The reasons are straightforward. Peptides influence hormonal, metabolic, and growth signalling. Those pathways are actively remodelling in pregnancy. Introducing an exogenous signal into a system already in high-stakes change has no credible risk-benefit ceiling. Clinical-trial populations have excluded pregnant and breastfeeding individuals for every compound in the Syntho catalogue.

The practical rule: if you are pregnant, planning to become pregnant in the next 6–12 months, or breastfeeding, no peptide protocol is appropriate until that window closes. This is a pause, not a permanent bar.

Uncontrolled diabetes and severe insulin resistance need specialist input#

Several peptide classes affect glucose metabolism directly:

• GH secretagogues (CJC, Ipamorelin, Tesamorelin, MK-677) can reduce insulin sensitivity and raise fasting glucose during cycles. In uncontrolled type-2 diabetes, that worsens an already decompensated system.
• GLP-1 agonists (semaglutide, tirzepatide, retatrutide) are pharmacotherapy for diabetes, but self-managed off-label use in someone with complex diabetes on multiple agents introduces hypoglycaemia risk when combined with insulin or sulfonylureas.
• MK-677 elevates fasting glucose more than any other GH-axis molecule in published trials and is a common reason protocols are discontinued.

The practical rule: well-controlled diabetes (HbA1c under ~7%, stable regimen) doesn't preclude every peptide, but it does mean working with the person's diabetes team rather than around them. Uncontrolled diabetes (HbA1c ≥ 8% or unstable regimen) is a pause signal.

Severe kidney or liver impairment changes the calculus#

Peptides that are cleared renally — which includes most of the healing and GH-axis class — require caution when estimated glomerular filtration rate (eGFR) drops below 60 mL/min/1.73m². Below 30 mL/min/1.73m², most protocols are contraindicated without specialist oversight.

The liver side is similar. Many peptides are metabolised hepatically; elevated ALT or AST without a known cause warrants investigation before adding an exogenous signal. Syntho's questionnaire screens for both and the engine applies dose modifiers for eGFR 60–90 and flags ALT/AST elevations for review.

Age, bloodwork, and the baseline that matters#

Two structural contraindications are less obvious but just as important.

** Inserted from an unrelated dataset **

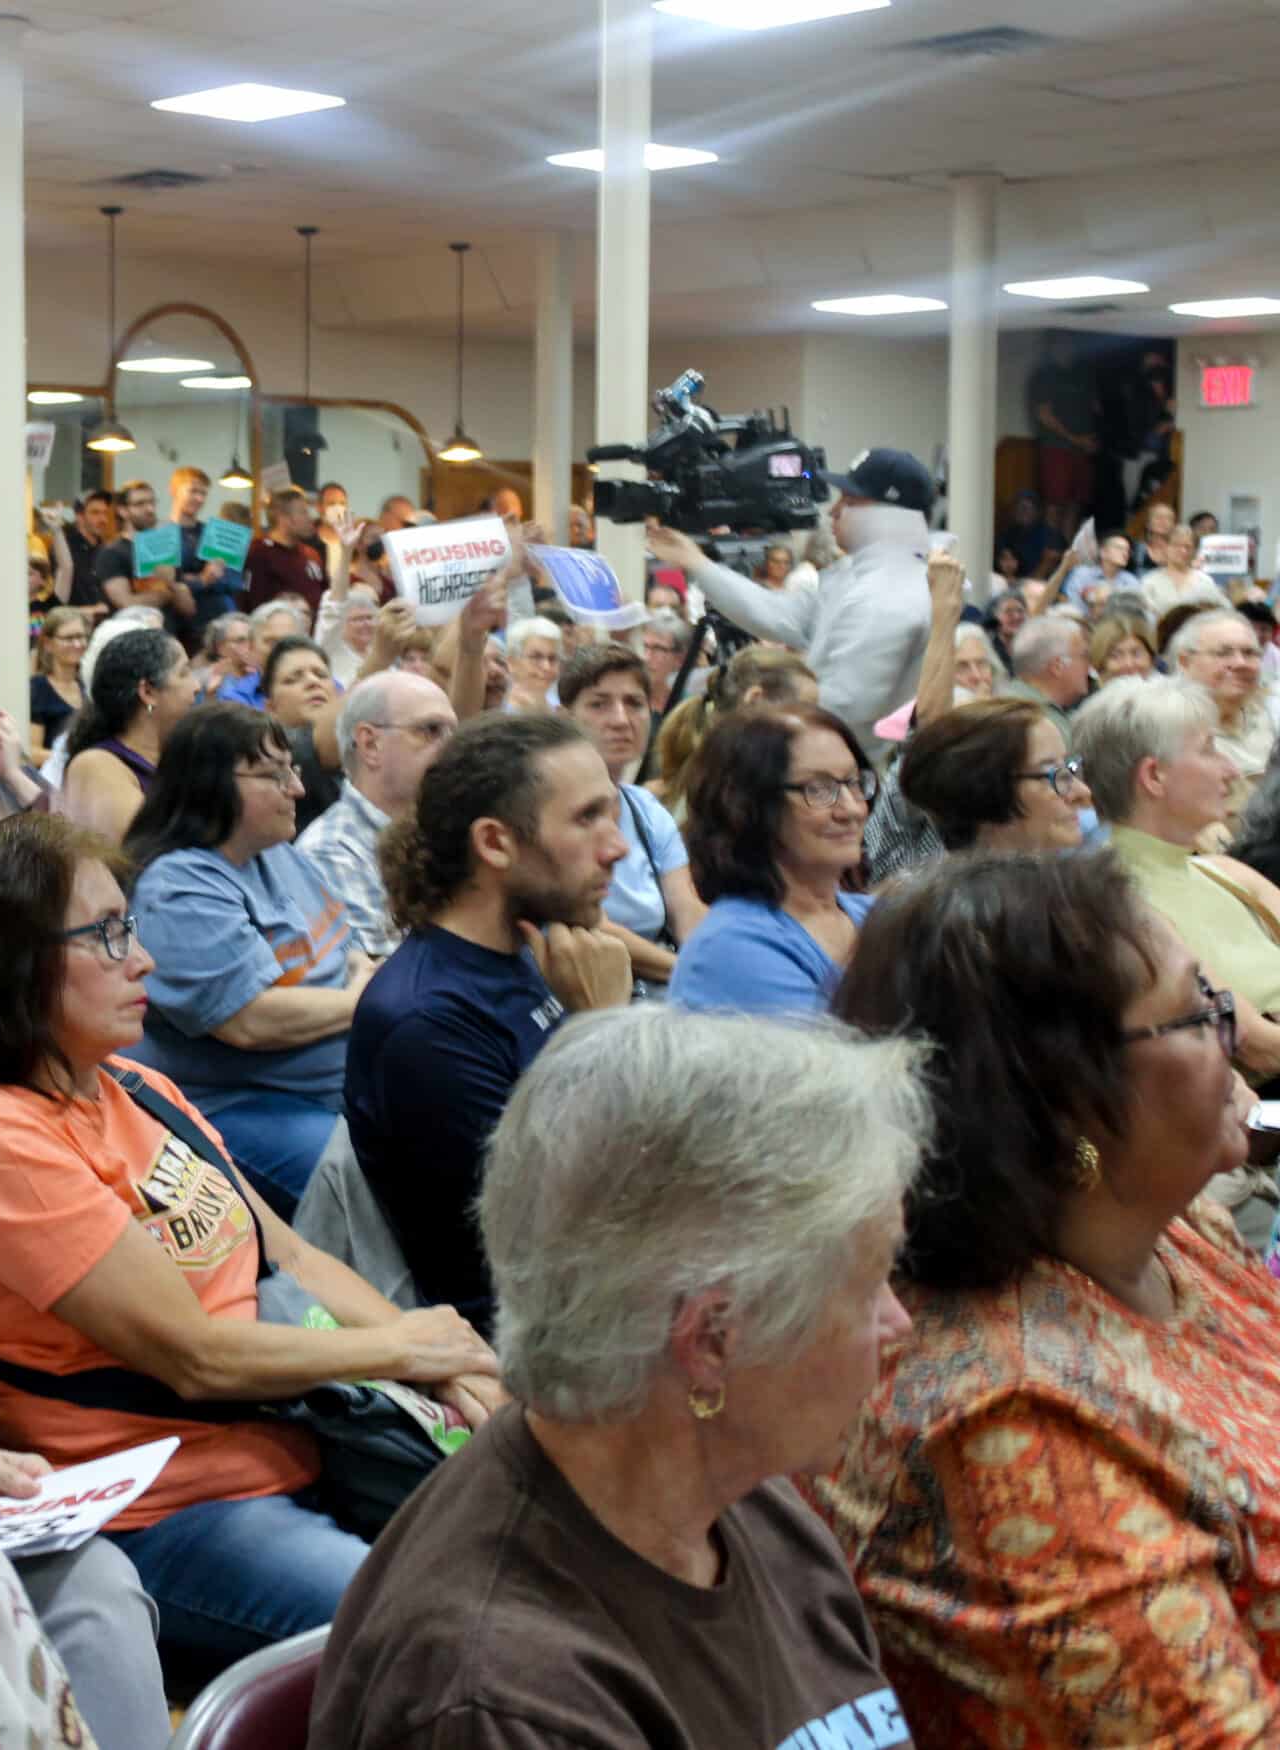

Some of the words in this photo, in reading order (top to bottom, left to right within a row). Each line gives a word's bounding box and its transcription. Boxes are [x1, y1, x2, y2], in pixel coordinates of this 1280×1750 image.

[1203, 366, 1253, 406] EXIT
[403, 538, 507, 567] HOUSING
[418, 568, 498, 605] HIGHRIS

Age under 21. Growth plates close at different ages in different people. Introducing exogenous growth-signalling molecules in a still-developing endocrine system is not supported by any credible clinical literature. Syntho does not support peptide protocols for anyone under 21.

No recent bloodwork. Without at minimum CBC, comprehensive metabolic panel, lipid panel, HbA1c, IGF-1 (for GH-axis protocols), and TSH, there's no baseline to measure response against and no way to screen for silent contraindications. Syntho's protocol engine requires a structured health profile and flags missing biomarkers as the strongest signal against proceeding.

How to think about your own contraindications#

Three questions filter out the majority of risk before any product decision:

1. Do you have active or recent (≤ 5 years) cancer, or a family history of medullary thyroid carcinoma or MEN 2? If yes, stop here and discuss with an oncologist or endocrinologist.
2. Are you pregnant, trying to conceive in the next 6–12 months, or breastfeeding? If yes, no peptide protocol is appropriate right now.
3. Do you have recent bloodwork (CBC, CMP, HbA1c, lipids, IGF-1, TSH) within the last 12 months? If no, bloodwork is the correct first step — not a product.

If all three screen clean, the class-specific contraindications above still apply. The Syntho questionnaire runs this check structurally, maps your answers against peptide-specific safety rules, and produces a protocol that respects them. The protocol engine is conservative by design: when a class-level risk factor is present, affected peptides are removed from the candidate list rather than dose-adjusted. That's deliberate.

Peptide therapy works for the people it's a fit for. The whole point of screening is knowing whether that's you.